Results: This review explores the direct and indirect mechanisms of ED in keloid progression, including endothelial-to-mesenchymal transition (EndoMT), inflammation, immune cell crosstalk, and hypoxia. Additionally, various treatment strategies targeting angiogenesis and ED, such as drugs, radiotherapy, hyperbaric oxygen therapy, compression, and laser treatments, are comprehensively reviewed. This review explores keloids through the lens of vasculature and endothelium, emphasizing the critical roles of vascular dysregulation and endothelial dysfunction.
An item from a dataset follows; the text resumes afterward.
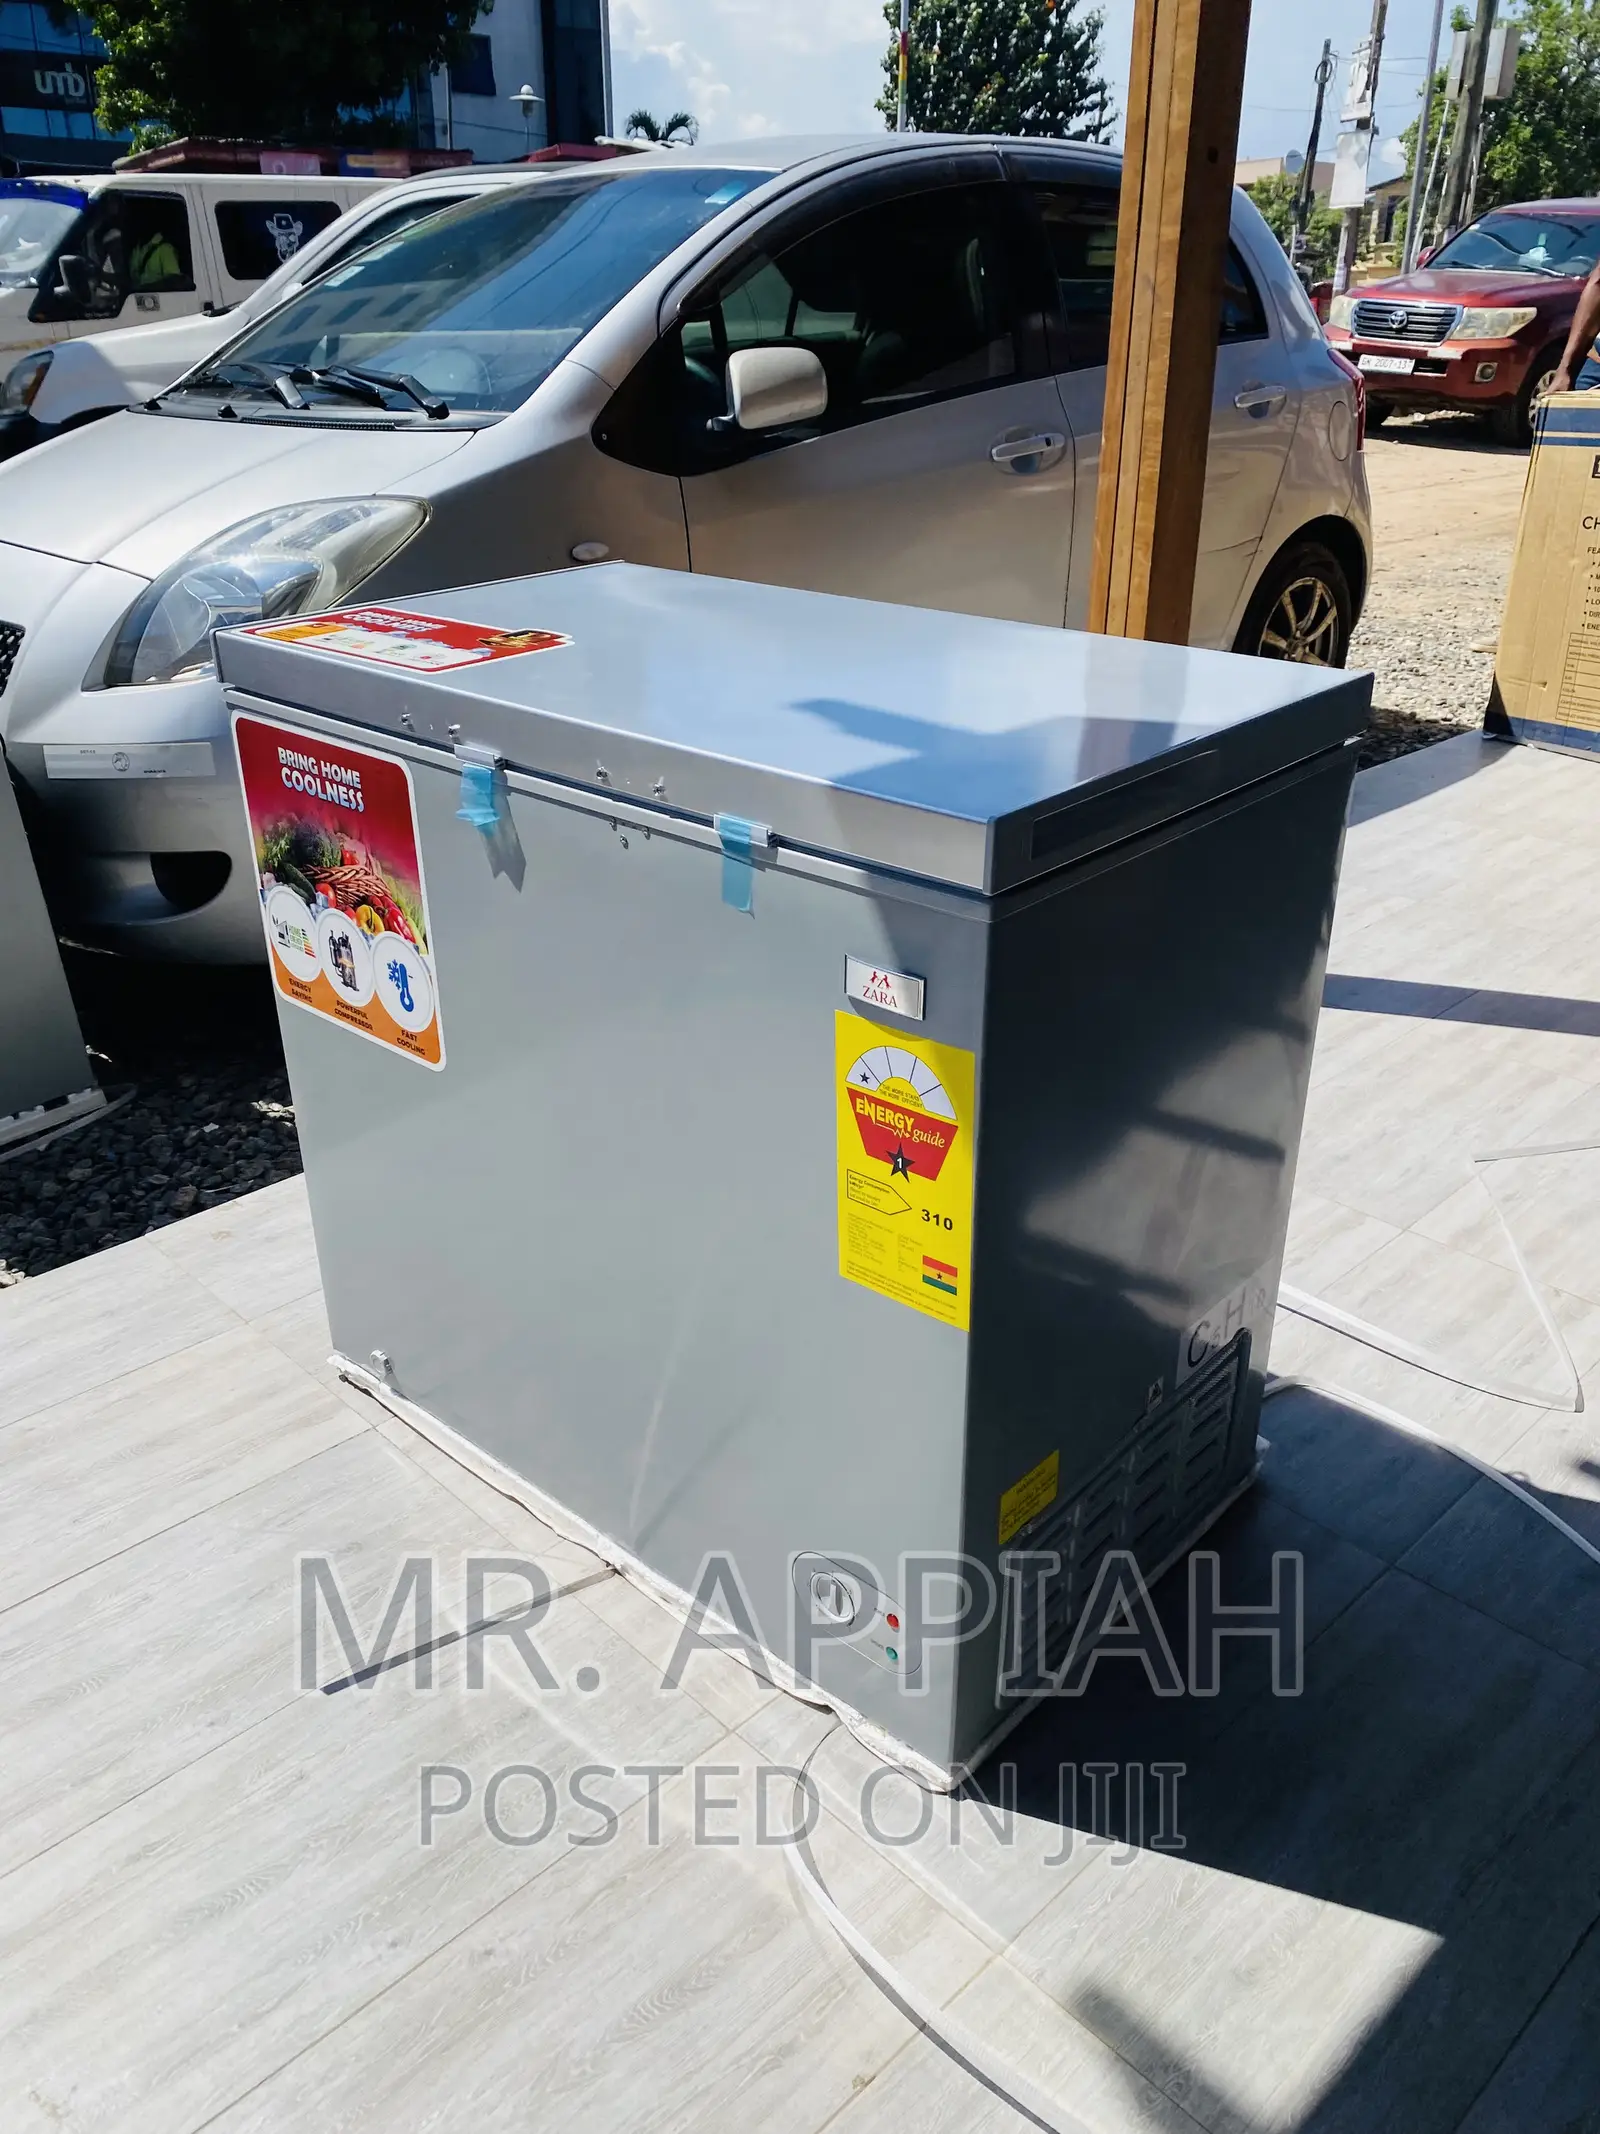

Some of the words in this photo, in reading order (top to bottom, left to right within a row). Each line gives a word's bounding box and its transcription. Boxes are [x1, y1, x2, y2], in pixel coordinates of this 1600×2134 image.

It aims to provide insights into the mechanisms of keloid formation and serve as a reference for developing future therapeutic strategies.
Conclusion: Keloids, which are characterized by vascular irregularities and increased blood vessel density, exhibit imbalances in proangiogenic and antiangiogenic factors. These deviations in vascular architecture and the increase in blood vessel density contribute to a hypoxic microenvironment the mediates angiogenesis and collagen synthesis. Endothelial dysfunction in keloids involves a complex interplay between imbalanced pro-/antiangiogenic factors and endothelial dynamics. ED directly impacts endothelial-to-mesenchymal transition and indirectly supports inflammation and immune cell crosstalk, thereby promoting fibrosis in keloids. Therapeutic interventions targeting ED include anti-VEGF drugs, radiotherapy, hyperbaric oxygen therapy, compression therapy, and laser treatments. In the future, continued exploration of the specific mechanisms underlying vascular endothelial dysfunction and the targeted development of effective keloid treatment methods will be crucial.